Jennifer had expected the other three Foitani to go offworld with her if she left Odern. They were plainly her keepers. But Pawasar Pawasar Ras surprised her by including himself. From what she knew of big-wheel executives, they didn't often inflict themselves on actual research sites. "Why you?" she asked him.
"The Great Unknown is my project," Pawasar Pawasar Ras said, as if that explained everything. To him, it seemed to. To Jennifer, it showed the Foitani definitely were not humannot that she hadn't noticed that already.
Jennifer finished a salami sandwich. The meat was greasy, the bread bland. The mustard was tangier than she cared for. She washed down the sandwich with a glass of vin extremely ordinaire. After Foitani rations, it all tasted wonderful. "Thank you, Bernard," she said. "I just may live. I may even decide I want to."
"Sorry there isn't more and better," Greenberg answered. "I've been in Foitani space long enough that I'm starting to run low myself."
"And I'll make you run out all the faster. I'm sorry."
"Don't be. You always did apologize too much; do you know that? If I hadn't opened my big mouth, you'd still be happily back on Saugus. Sharing real food with you is the least I can do to pay you back. We won't starve on what the Foitani eat"
"However much we wish we would," Jennifer finished for him.
He studied her, one eyebrow raised. After Ali Bakhtiar's virtuoso displays of superciliosity, this was amateur night. The master trader said, "You've changed a bit since we flew together a few years ago. Then you wouldn't have interrupted or made sour jokes."
She shrugged. "I've finished growing up. I find I can manage all right for myself. Now to business, if you don't mind, because I don't want to spend one more second here than I have to. First off, is your ship bugged?"
"I assume so. Pity we don't know some arcane foreign languages we could use to talk privately," Greenberg said. Jennifer gave a rueful nod. Nobody bothered to learn to speak foreign languages these days, not with oral translator programs so widely available.
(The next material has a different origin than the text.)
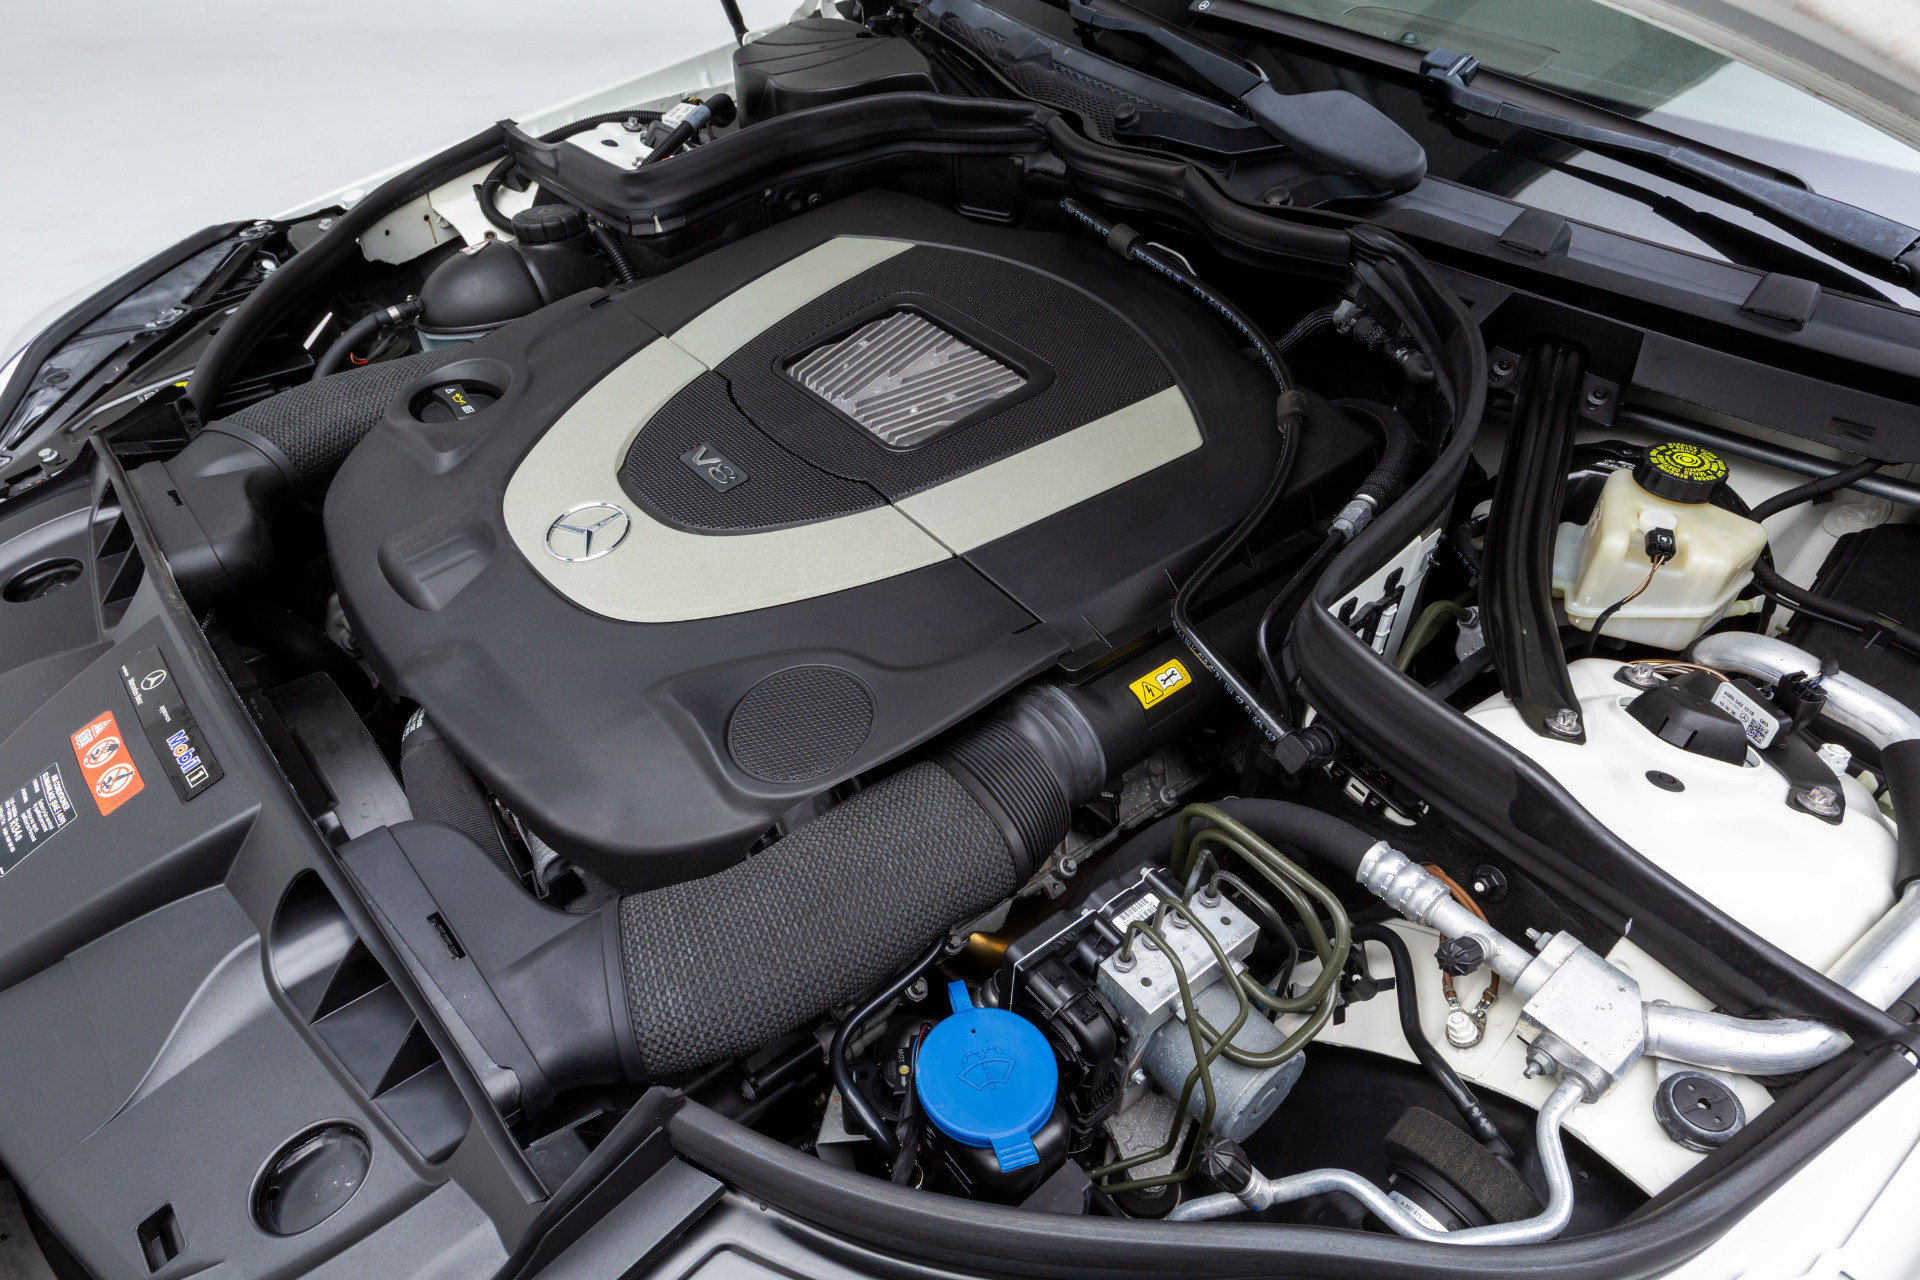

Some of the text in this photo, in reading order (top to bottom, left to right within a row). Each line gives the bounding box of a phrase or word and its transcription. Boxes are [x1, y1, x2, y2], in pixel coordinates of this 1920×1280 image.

[692, 446, 737, 484] V8
[166, 729, 201, 774] Mobil
[9, 817, 22, 842] R134a
She supposed she could make a stab at speaking Middle English, but the Foitani were more likely to understand her than Greenberg was.
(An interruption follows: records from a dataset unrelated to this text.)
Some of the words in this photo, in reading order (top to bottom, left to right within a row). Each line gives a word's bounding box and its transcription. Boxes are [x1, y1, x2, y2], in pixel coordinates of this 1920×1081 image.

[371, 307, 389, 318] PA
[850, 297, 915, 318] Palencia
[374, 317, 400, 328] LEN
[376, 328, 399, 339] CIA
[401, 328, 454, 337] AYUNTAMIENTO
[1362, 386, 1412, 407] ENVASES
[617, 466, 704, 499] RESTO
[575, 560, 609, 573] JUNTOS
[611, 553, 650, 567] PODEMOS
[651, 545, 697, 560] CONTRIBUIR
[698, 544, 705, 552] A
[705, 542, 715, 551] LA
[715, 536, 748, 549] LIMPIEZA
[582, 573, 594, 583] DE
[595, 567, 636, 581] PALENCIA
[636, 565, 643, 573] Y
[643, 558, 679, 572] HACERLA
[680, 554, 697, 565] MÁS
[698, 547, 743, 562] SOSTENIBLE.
"What is this Great Unknown thing, anyway?" she asked.
"If I knew, I would tell you," he answered. "If I knew, we could go home, come to that. But I don't know. I just hope we'll be able to find out. I keep worrying about what the Foitani may do if we can'tand we may not be able to. Nobody who isn't a Foitan has any real notion of what their ancestors were capable of, back before the Suicide Wars. I told you, though, it's pretty clear they were technologically ahead of where we are now."
"That won't help us understand them." Jennifer slowly shook her head. "They may have been ahead of us technically, but socially! Think of spending however many thousands of years they took to build up their empire, and then to blow it to bits, and themselves with it." She shook her head again, this time in horror. The Foitani seemed to have lived out every human's darkest nightmares.
Greenberg said, "To this day, they don't know why they started to fight. But once they got going, they did a good, thorough job, which is typical of the species. Pawasar Pawasar Ras says they undoubtedly intended to kill themselves off altogether; in a crazy sort of way, he thinks less of them for failing."
"The worst part of it is, now that I've been around Foitani a while, I can almost see the logic in that." Jennifer started to say something more, but found herself yawning instead.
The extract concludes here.